[Stored data entries]
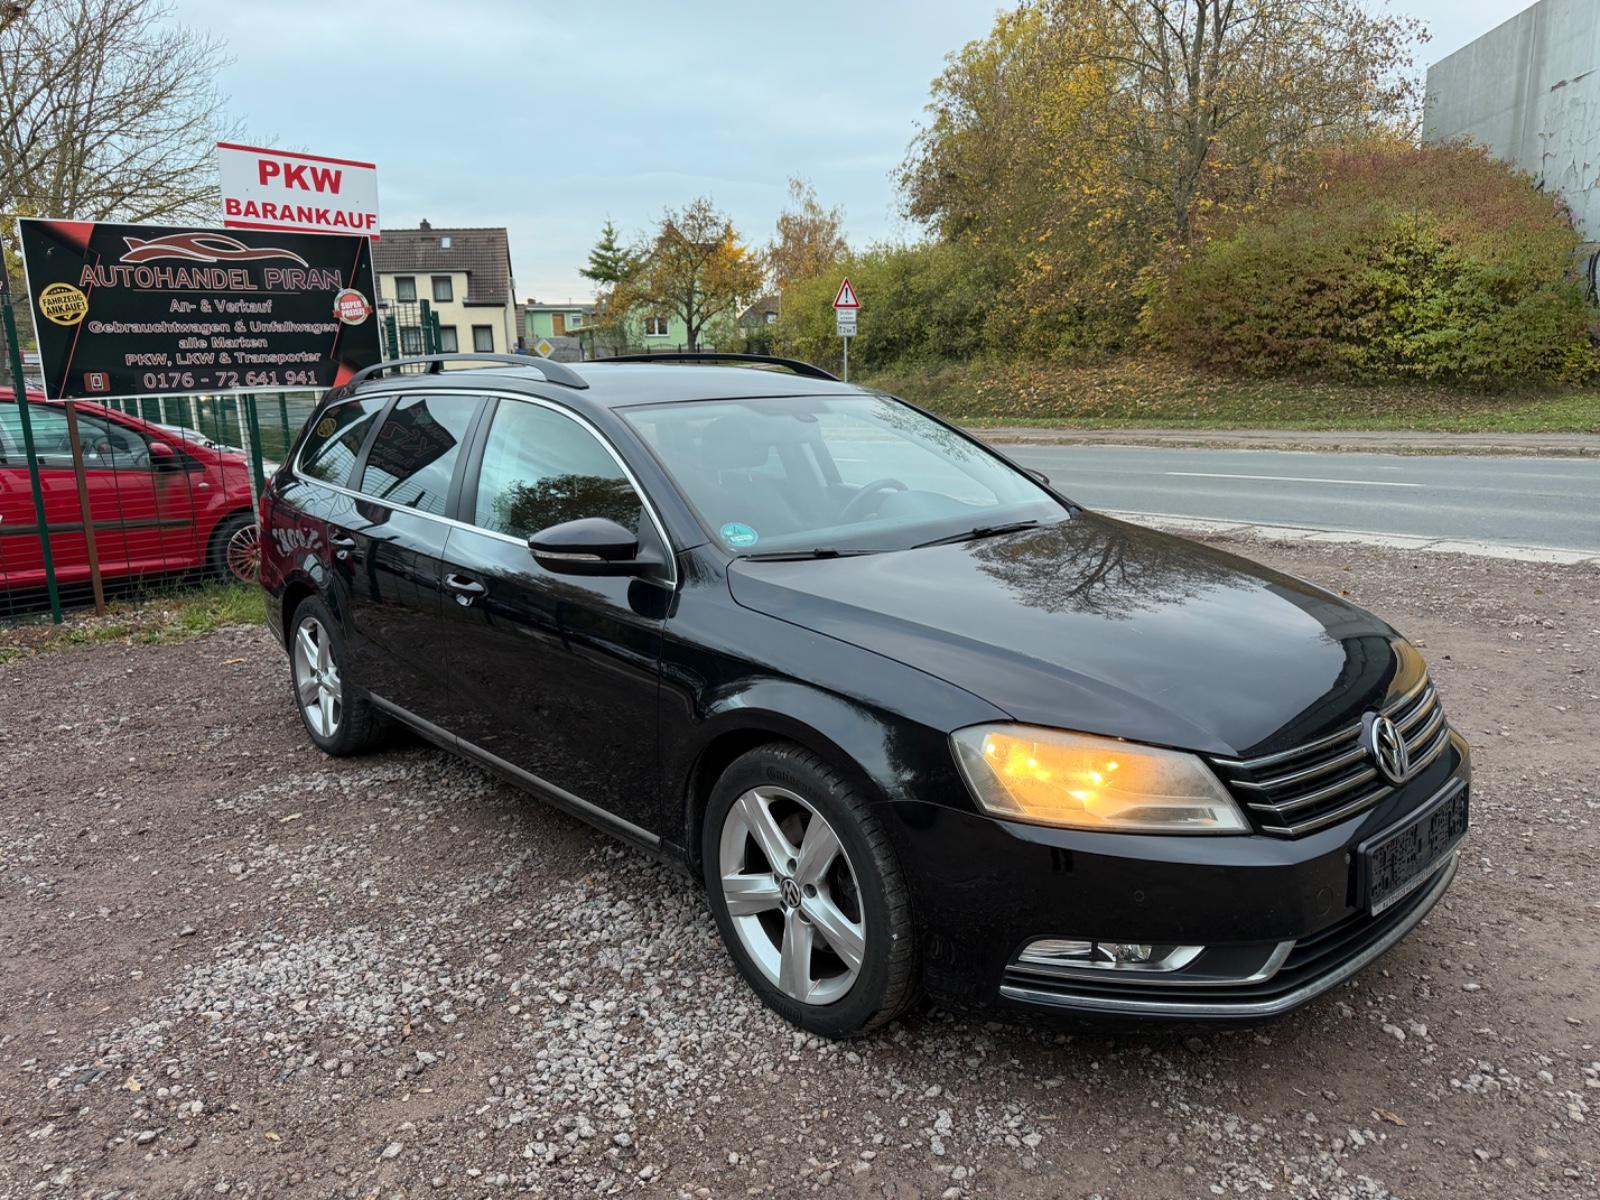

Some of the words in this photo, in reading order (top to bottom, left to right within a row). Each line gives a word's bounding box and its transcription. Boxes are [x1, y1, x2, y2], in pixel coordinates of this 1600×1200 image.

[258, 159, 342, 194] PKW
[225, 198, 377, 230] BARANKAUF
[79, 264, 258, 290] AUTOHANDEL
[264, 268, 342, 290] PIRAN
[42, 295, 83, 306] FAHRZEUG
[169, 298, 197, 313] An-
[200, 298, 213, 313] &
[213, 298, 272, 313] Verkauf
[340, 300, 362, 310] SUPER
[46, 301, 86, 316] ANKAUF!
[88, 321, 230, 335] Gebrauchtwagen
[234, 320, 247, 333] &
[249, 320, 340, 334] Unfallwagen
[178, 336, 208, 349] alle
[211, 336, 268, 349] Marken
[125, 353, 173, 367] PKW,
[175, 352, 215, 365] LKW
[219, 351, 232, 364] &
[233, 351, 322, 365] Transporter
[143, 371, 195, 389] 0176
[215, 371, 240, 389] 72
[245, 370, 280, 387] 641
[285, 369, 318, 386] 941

_What you will do_:
All of the data above is to be repeated exactly, with the pictures left out.

_Output for this task_:
Some of the words in this photo, in reading order (top to bottom, left to right within a row). Each line gives a word's bounding box and its transcription. Boxes are [x1, y1, x2, y2], in pixel coordinates of this 1600×1200 image.

[258, 159, 342, 194] PKW
[225, 198, 377, 230] BARANKAUF
[79, 264, 258, 290] AUTOHANDEL
[264, 268, 342, 290] PIRAN
[42, 295, 83, 306] FAHRZEUG
[169, 298, 197, 313] An-
[200, 298, 213, 313] &
[213, 298, 272, 313] Verkauf
[340, 300, 362, 310] SUPER
[46, 301, 86, 316] ANKAUF!
[88, 321, 230, 335] Gebrauchtwagen
[234, 320, 247, 333] &
[249, 320, 340, 334] Unfallwagen
[178, 336, 208, 349] alle
[211, 336, 268, 349] Marken
[125, 353, 173, 367] PKW,
[175, 352, 215, 365] LKW
[219, 351, 232, 364] &
[233, 351, 322, 365] Transporter
[143, 371, 195, 389] 0176
[215, 371, 240, 389] 72
[245, 370, 280, 387] 641
[285, 369, 318, 386] 941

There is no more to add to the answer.